Travis lay on his bunk that night—his bunk, their ship…. The globe and its contents had grown progressively less alien when compared to what lay without. Around his wrist was a heavy band of red metal set with small, full, sea-green stones in a pattern which suggested breaking waves, a gift presented to him by the winged chief at their formal farewell. He was sure that the lavender-skinned flying man had not fashioned that bracelet. How old was the ornament? And from what world, from the art of what forgotten and long-vanished race had it come?
They had not even scratched the surface of what was to be found in this ancient port. Had the jungle-cloaked city been the capital of some galaxy-wide empire, as Ashe suspected? They had had no time to explore very far. Yes, there would be a return—sometime. And men from his world would search and speculate, and learn, and guess—perhaps wrongly. Then, after a while there again would be a new city rising somewhere—maybe on his own world—which would serve as a storehouse of knowledge gained from star to star. Time would pass, and that city, too, would die. Until some representative of a race as yet unborn would come to search and speculate—and guess—Travis slept.
He awoke swiftly, with a quick sense of urgency. Over his head he heard the sigh of the speaker from the control cabin.
“All ready,” came Renfry’s voice, thin, drained. Why, the technician must have worked through the night, eager to prove his handiwork.
“All ready.”
They still had time to say “no” to this crazy venture, to choose known perils against the unknown. Travis felt a surge of panic. His hands levered against the bunk, pushing his body up. He had to stop Renfry—they must not blast into space.
Then he lay down once more, made his hands clasp the bunk straps across his body, his lips pressed tighdy together. Let Renfry push the proper button—soon! It was the waiting which always wore on a man. He felt the familiar vibration, singing through the walls, through his body. There was no going back now. Travis closed his eyes and tried not to stiffen his whole body in protest against that waiting.
17
“We’re out—safely.”
“So far—so good.” Another voice made answer to that over the com system.
Travis opened his eyes and wondered if anyone ever became thoroughly inured to the discomfort of a planetary take-off. He had forgotten during the past days when they had been comfortably earth-bound what it meant to be wrenched into the heights beyond atmosphere and gravity. But at least the tape had worked to the extent that they had lifted safely off world.
And their flight continued, until at length they all breathed easier and began to hold more confident feelings than just hope concerning their future.
“If we simply repeat the pattern,” Ashe observed thoughtfully on the evening of the fifth day, “we set down again on the desert world sometime tomorrow.”
“Be better if we could eliminate that stop,” Travis remarked. There was something in the desolate waste and the night things which repulsed him as nothing else had during this fantastic voyage.
“I’ve been thinking….” Ross glanced across the swinging seat to the pilot’s perch where Renfry spent most of his waking hours. “We refueled on the trip out—at the first port. Suppose—just suppose that we exhausted the supply there.”

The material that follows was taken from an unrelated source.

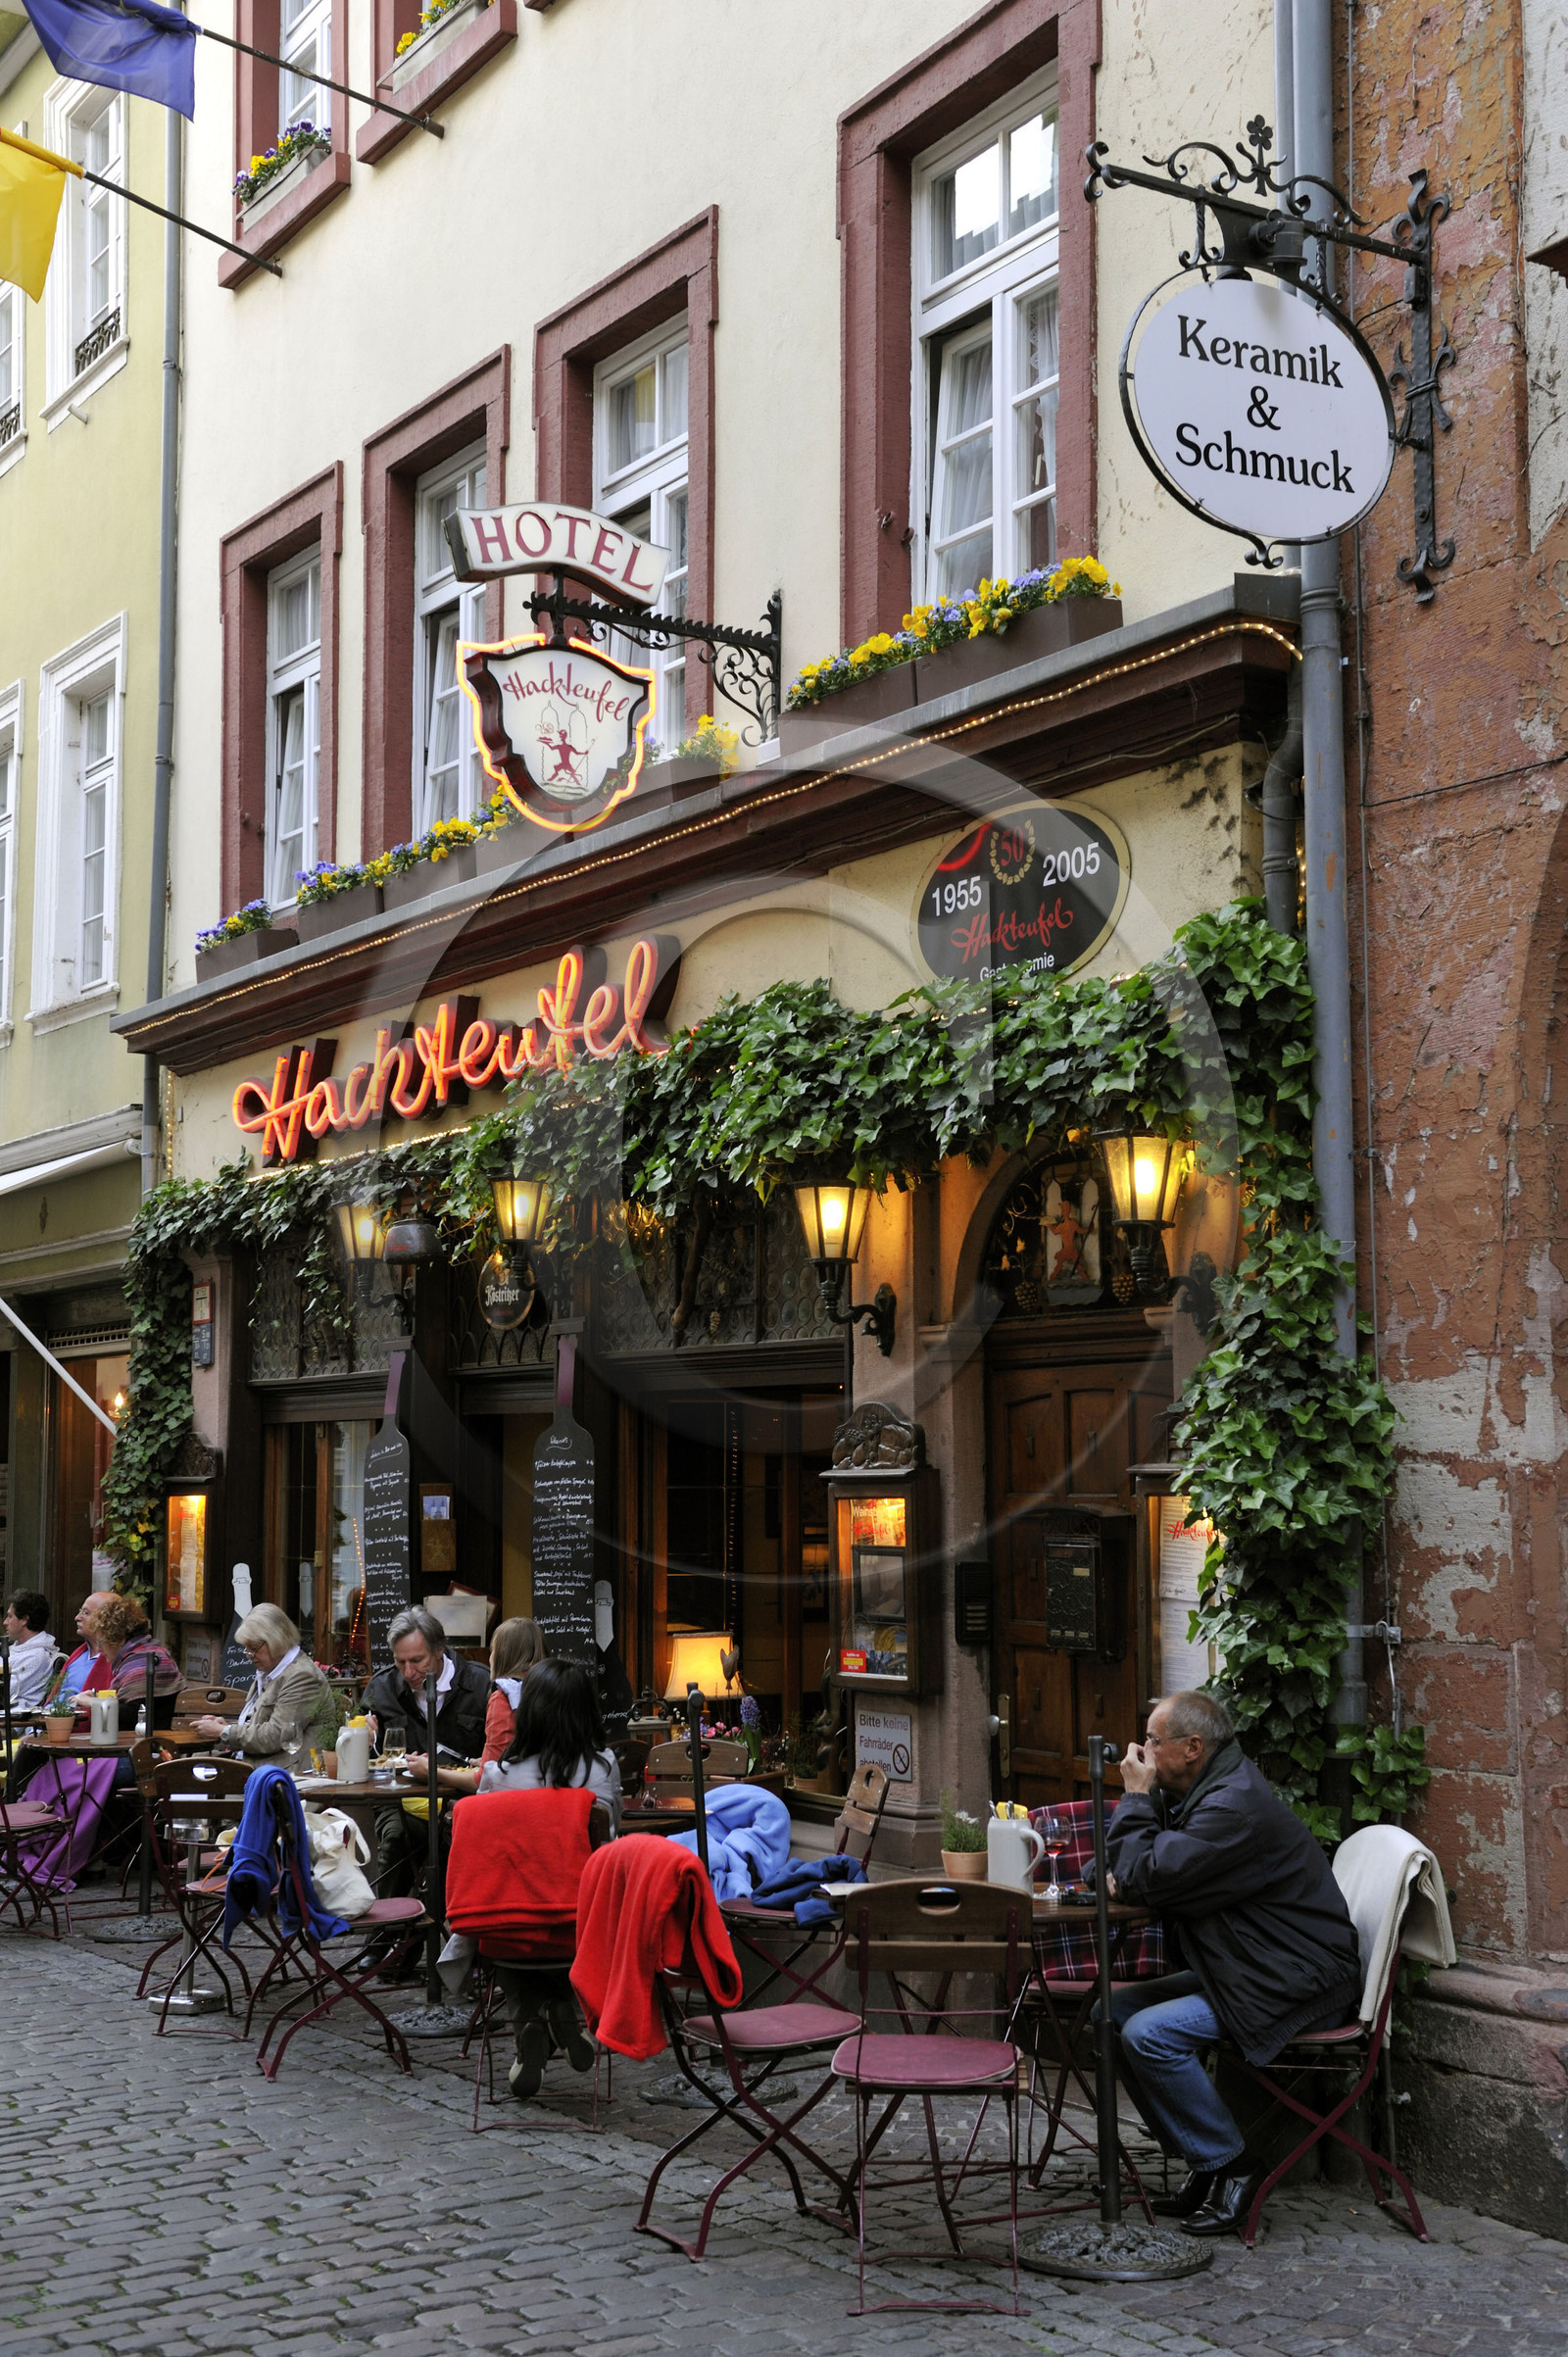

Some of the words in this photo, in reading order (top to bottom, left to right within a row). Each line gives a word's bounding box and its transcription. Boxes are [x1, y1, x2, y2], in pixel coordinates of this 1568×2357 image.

Renfry grinned, a death’s-head stretch of skin across bones. His thumb jerked downward in the immemorial gesture of sardonic defeat. “Then we’ve had it, fella. Let’s hope that we can stretch out luck past that particular point along with all the rest of the elastic tricks.”
This time they downed on the desert port in the early morning, when the lavish display of flames along the horizon was paling into nothingness. They saw the blaze of the rising sun reflected too brightly from the endless drifts of sand.
“Two days here, roughly—if we do duplicate the pattern exactly.”
Waiting two days, cooped up in the ship, not sure that they would take off again. At the thought of it, Travis shifted restlessly in his seat. And the specter Ross had evoked shared the narrow confines of the cabin with them all.
“Any walk-about?” Ross must be feeling it too—that goading desire to be busy, to drown in action ever-present fears.